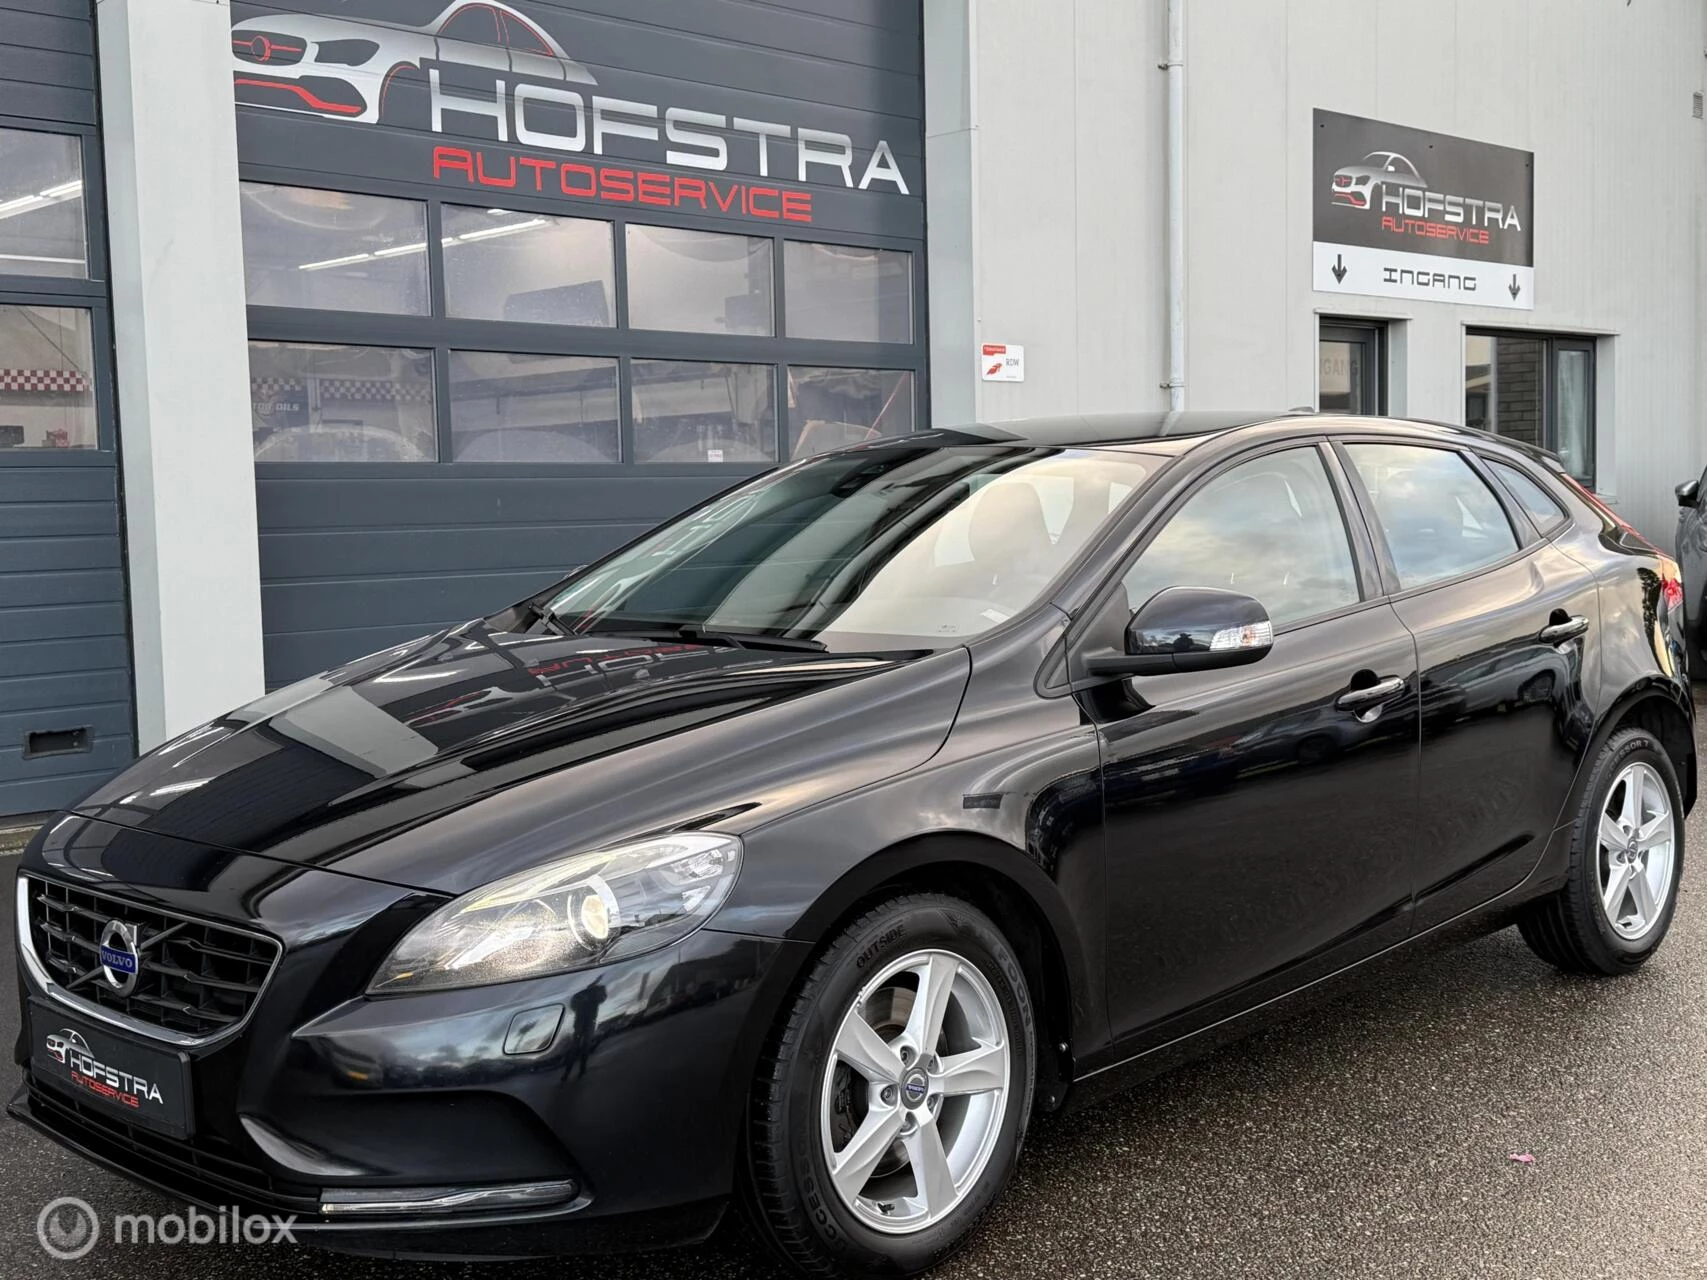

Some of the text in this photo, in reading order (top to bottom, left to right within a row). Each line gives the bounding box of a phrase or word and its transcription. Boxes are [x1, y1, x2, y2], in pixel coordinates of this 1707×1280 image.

[428, 68, 910, 195] HOFSTRA
[433, 146, 812, 222] AUTOSERVICE
[1381, 184, 1522, 232] HOFSTRA
[1381, 216, 1490, 245] AUTOSERVICE
[1383, 267, 1477, 291] INGANG
[1320, 358, 1359, 377] GANG
[101, 949, 134, 968] VOLVO
[857, 923, 905, 968] OUTSIDE
[69, 1050, 164, 1104] HOFSTRA
[71, 1071, 140, 1108] AUTOSERVICE

## INSTRUCTIONS FOR THE TASK
All the records need to be printed again exactly as written, though without their pictures.

## EXERCISE RESULT
Some of the text in this photo, in reading order (top to bottom, left to right within a row). Each line gives the bounding box of a phrase or word and its transcription. Boxes are [x1, y1, x2, y2], in pixel coordinates of this 1707×1280 image.

[428, 68, 910, 195] HOFSTRA
[433, 146, 812, 222] AUTOSERVICE
[1381, 184, 1522, 232] HOFSTRA
[1381, 216, 1490, 245] AUTOSERVICE
[1383, 267, 1477, 291] INGANG
[1320, 358, 1359, 377] GANG
[101, 949, 134, 968] VOLVO
[857, 923, 905, 968] OUTSIDE
[69, 1050, 164, 1104] HOFSTRA
[71, 1071, 140, 1108] AUTOSERVICE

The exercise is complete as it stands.